On Jan. 30 , 1882, Franklin Delano Roosevelt , the 32nd president of the United States , was born. Following his death on April 12 , 1945, his obituary appeared in The Times.

The New York Times

April 13, 1945

“OBITUARY: FRANKLINDELANOROOSEVELT

Family Of Wealth Gave Advantages

By THE NEW YORK TIMES

The early life of Franklin Delano Roosevelt was typical of a member of a family of wealth and assured social position--an aristocratic family, as aristocracy is measured on this side of the Atlantic.

His birthplace was a stately mansion on the Roosevelt estate, overlooking the Hudson River and set in the midst of broad acres near Hyde Park. The property had been in the possession of his family for a hundred years.

He was born on Jan. 30, 1882, the only child of James and Sara Delano Roosevelt. His father's family was of a Dutch descent and made its first appearance in America in 1654. The Delanos, from whom his mother sprung, were of Flemish origin and had followed a migratory group into Massachusetts even earlier than the Roosevelts came to New York.

The god-father of Mr. Roosevelt when he was christened in the St. James Episcopal Church at Hyde Park was Elliott Roosevelt, only brother of the elder Theodore Roosevelt. His father was a fourth cousin of the elder T.R.

The family, when Franklin Delano Roosevelt was born, was moderately wealthy. James Roosevelt, his father, had been president of the Louisville & amp; New Albany Railroad and was vice president of the Delaware & amp; Hudson. He had inherited some wealth. His health was not of the best, he had little taste for business and retired rather early to lead the life of a country gentleman on the family estate. Like Franklin D., his father and grandfather before him had been Democrats.

Early Education at Home

He received his early education at home from tutors and was said to have mastered French, German and Spanish. At 14 he entered Groton to prepare for Harvard. He was 18 when he entered that ancient university and became one of the envied dwellers on the "Gold Coast."

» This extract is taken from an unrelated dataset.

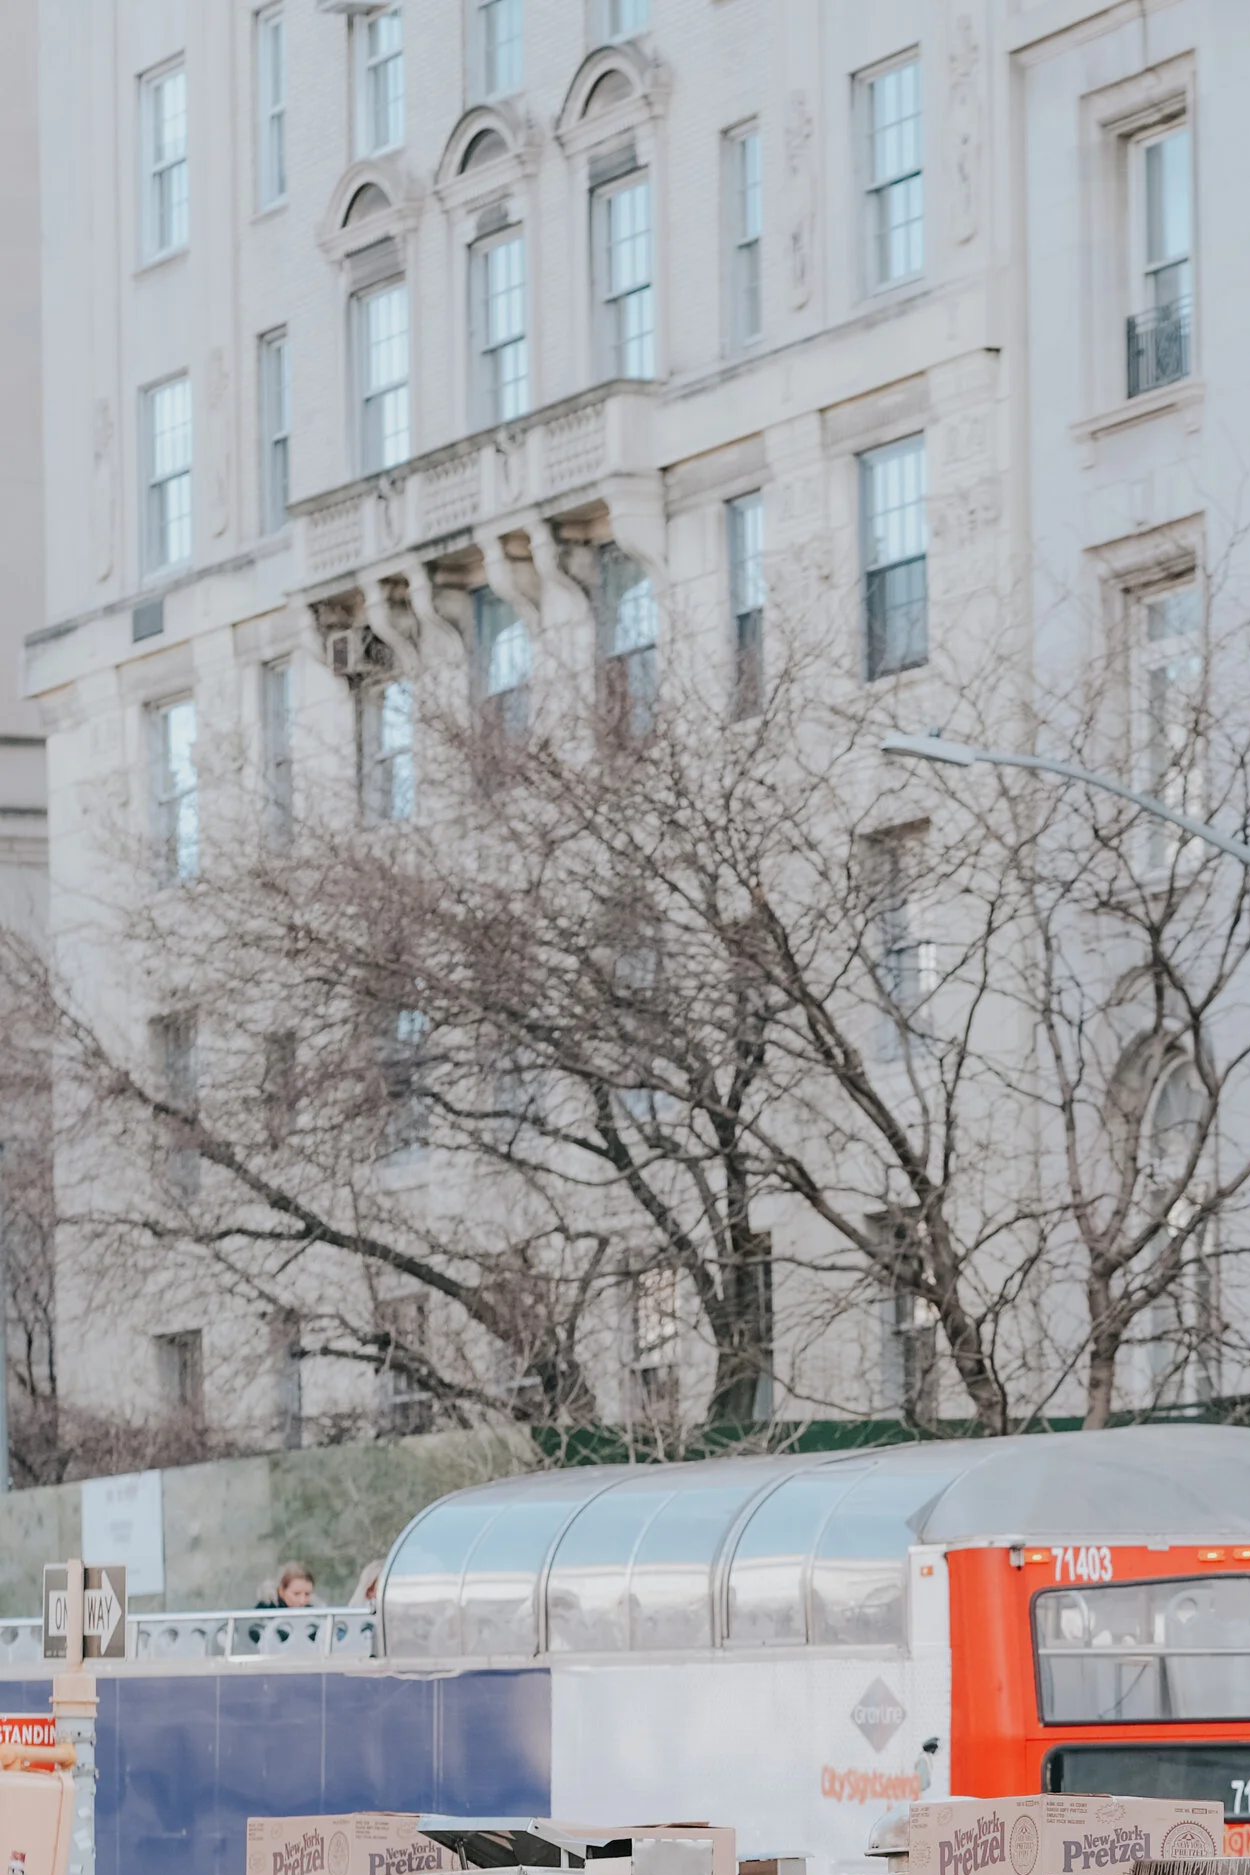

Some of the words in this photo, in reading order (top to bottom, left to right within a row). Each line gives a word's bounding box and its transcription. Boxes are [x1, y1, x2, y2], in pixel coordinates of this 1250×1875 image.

At Harvard Franklin D. Roosevelt became a member of the select clubs, including the Hasty Pudding. In Greek fraternities he qualified for Alpha Delta Phi and by the time he was graduated he had won the coveted key of Phi Beta Kappa. In his last year at Harvard he was president and editor of The Harvard Crimson. He was graduated in 1904.

Turning his back on Annapolis and a prospective naval career, he entered the ColumbiaLawSchool, completed his studies and passed his bar examination in 1907. He went to work as a clerk in the law firm of Carter, Ledyard & amp; Milburn, later establishing a law partnership of his own. He did not stay long at the practice of law, however.

Married While Law Student

While still a student of law at Columbia, Franklin D. Roosevelt married his sixth cousin. Miss Anna Eleanor Roosevelt was the daughter of Elliott Roosevelt, who was the godfather of Franklin D. She was the favorite niece of the elder Theodore Roosevelt, who, President of the United States at the time, gave the bride in marriage. The wedding was in this city on March 17, 1905. They had five children: James, Anna, who became Mrs. Curtis B. Dall of New York and later Mrs. John Boettiger; Elliot, Franklin D. Jr. and John A. Roosevelt.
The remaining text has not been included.